Monday, March 2, 2009

Not a Ski-resort

Jeff Vail is an attorney at Davis Graham & Stubbs LLP in Denver, Colorado specializing in litigation and energy issues. He is a former intelligence officer with the US Air Force and energy infrastructure counterterrorism specialist with the US Department of the Interior.
Hardly the profile I would have expected from a like mind, but life is full of surprises!

Jeff's latest post on scale-free design has me really excited. In a nutshell (does using that cliché make me a nutcase?):
Scale-free design describes a process that operates similarly at any scale, at any level of organization, that is fractal in structure. It is neither grass-roots nor top-down, but rather consciously, simultaneously “all of the above.” More than that, rather than merely a collection of separate national, local, and individual programs, it strives to develop programs and practices that operate simultaneously at all these levels. A simple example would be the achievement of 25% energy self-sufficiency—that is, for individuals to produce 25% of their energy needs domestically, for communities to produce a further 25% of their energy needs locally, etc.

Not only that, but Jeff takes as his model for organization the rhizome, a metaphor I am coming across more and more often as I delve into the wondrous spheres of the internet. The rhizome, as Jeff explains it:
takes it name from plants such as bamboo, aspen, or ginger that spread via a connected underground root system. As metaphor, Gilles Deleuze and Felix Guattari used rhizome to refer to a non-hierarchal form of organization. I have extended this metaphor, referring to rhizome as an alternative mode of human organization consisting of a network of minimally self-sufficient nodes that leverage non-hierarchal coordination of economic activity.

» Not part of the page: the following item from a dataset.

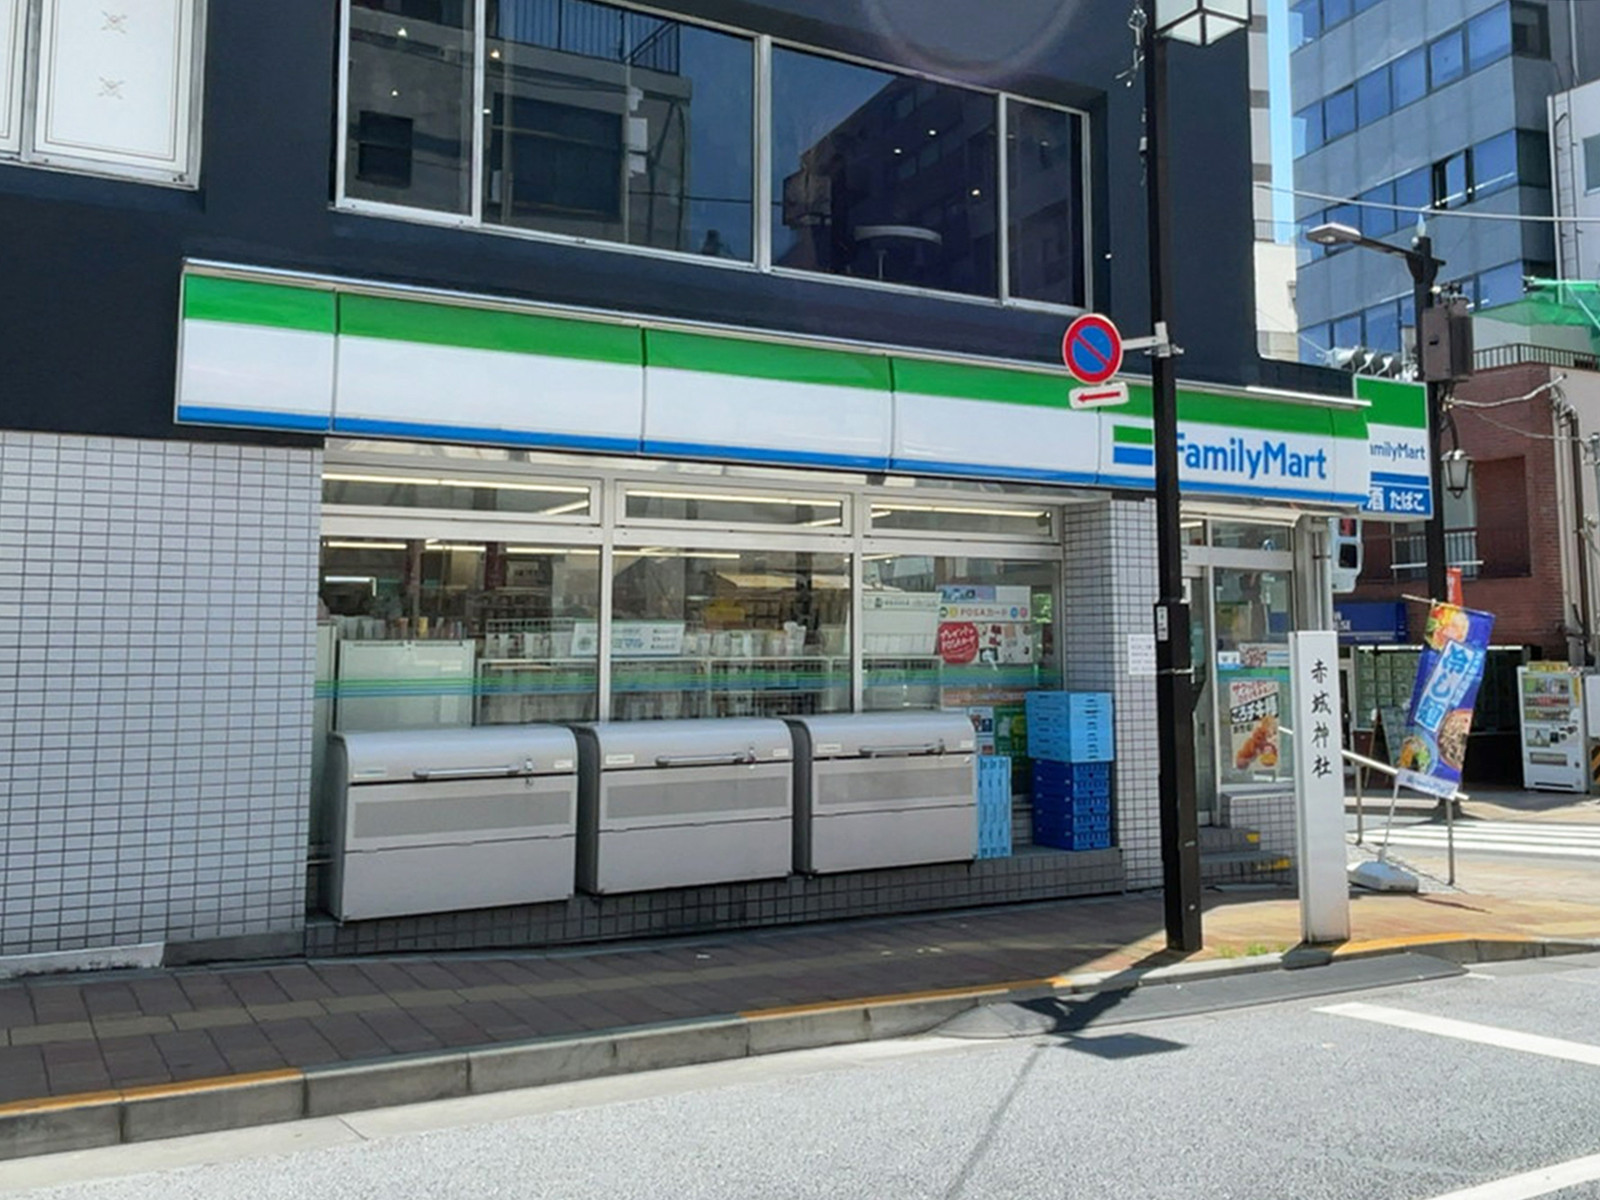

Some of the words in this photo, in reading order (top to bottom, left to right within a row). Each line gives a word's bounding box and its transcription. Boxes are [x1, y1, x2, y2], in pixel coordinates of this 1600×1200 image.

[1389, 491, 1425, 511] たばこ
[1310, 658, 1333, 779] 赤城神社
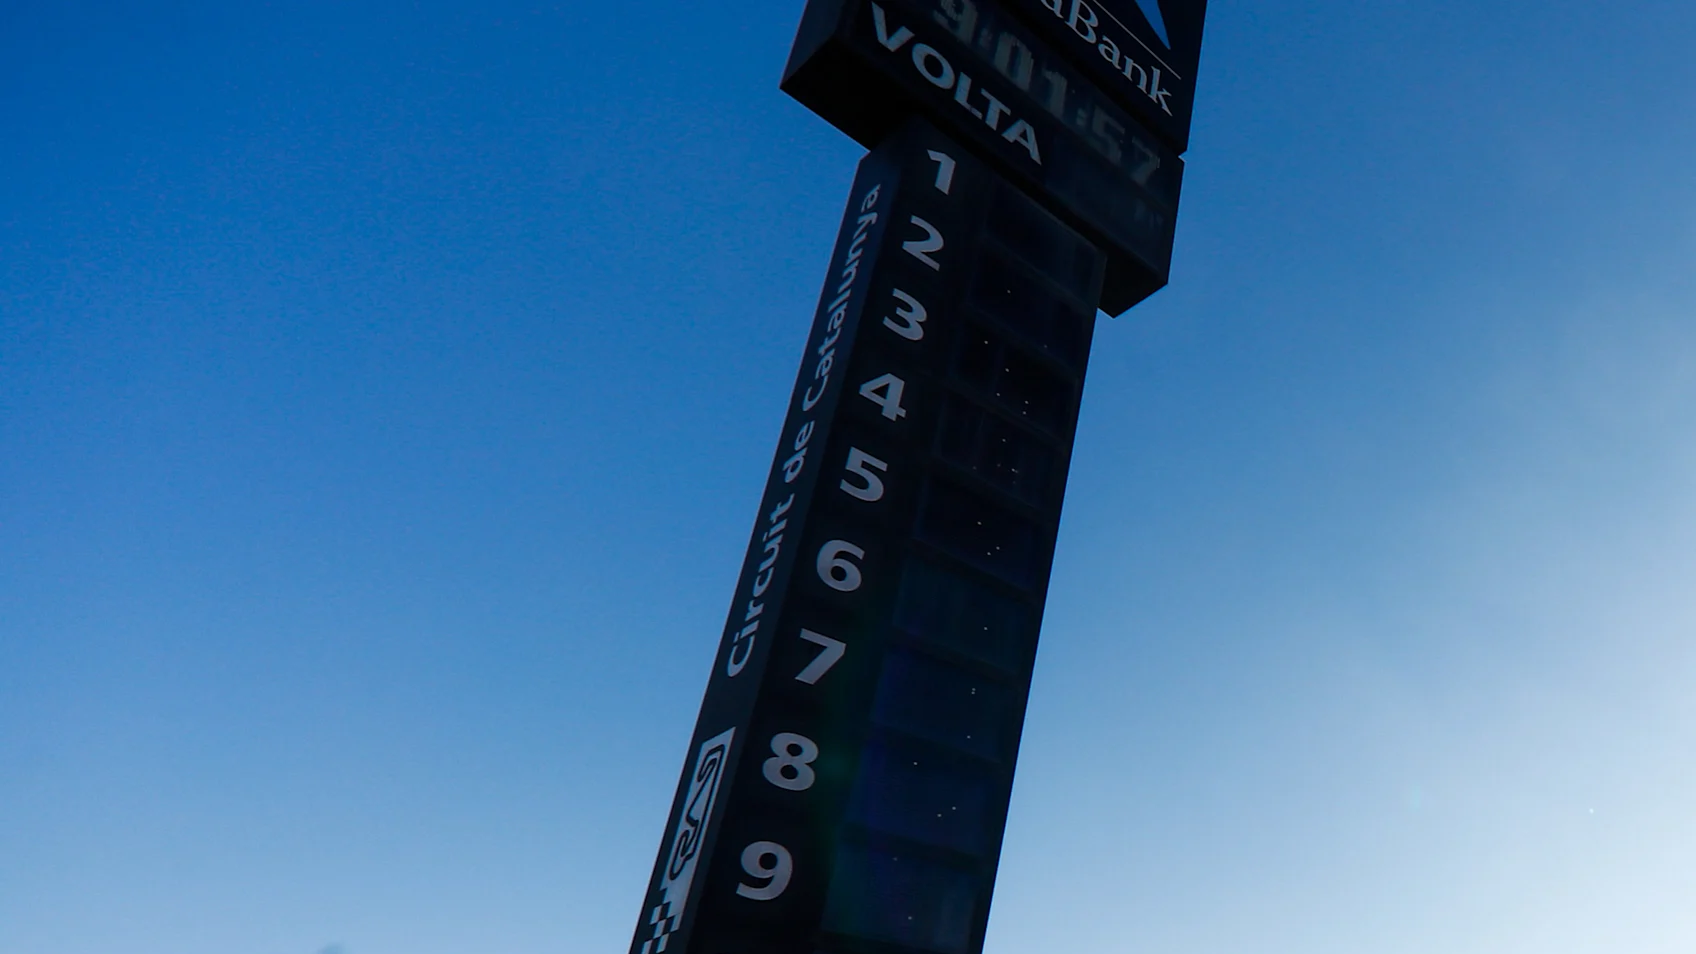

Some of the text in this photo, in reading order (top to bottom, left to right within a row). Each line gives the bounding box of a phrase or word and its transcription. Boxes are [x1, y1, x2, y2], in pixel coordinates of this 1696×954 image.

And what's more, the man is brilliant in areas I know nothing about. (When I called us like minds I was not, alas, implying a shared brilliance, only a shared outlook on life.) He blogs on topics such as fractional reserve banking and oil price volatility as it relates to the cobweb model and explains them in ways even I can understand!

And for those who may not understand the title, the reference was to Vail, Colorado, a ski-resort. Lame, I know, but there it is!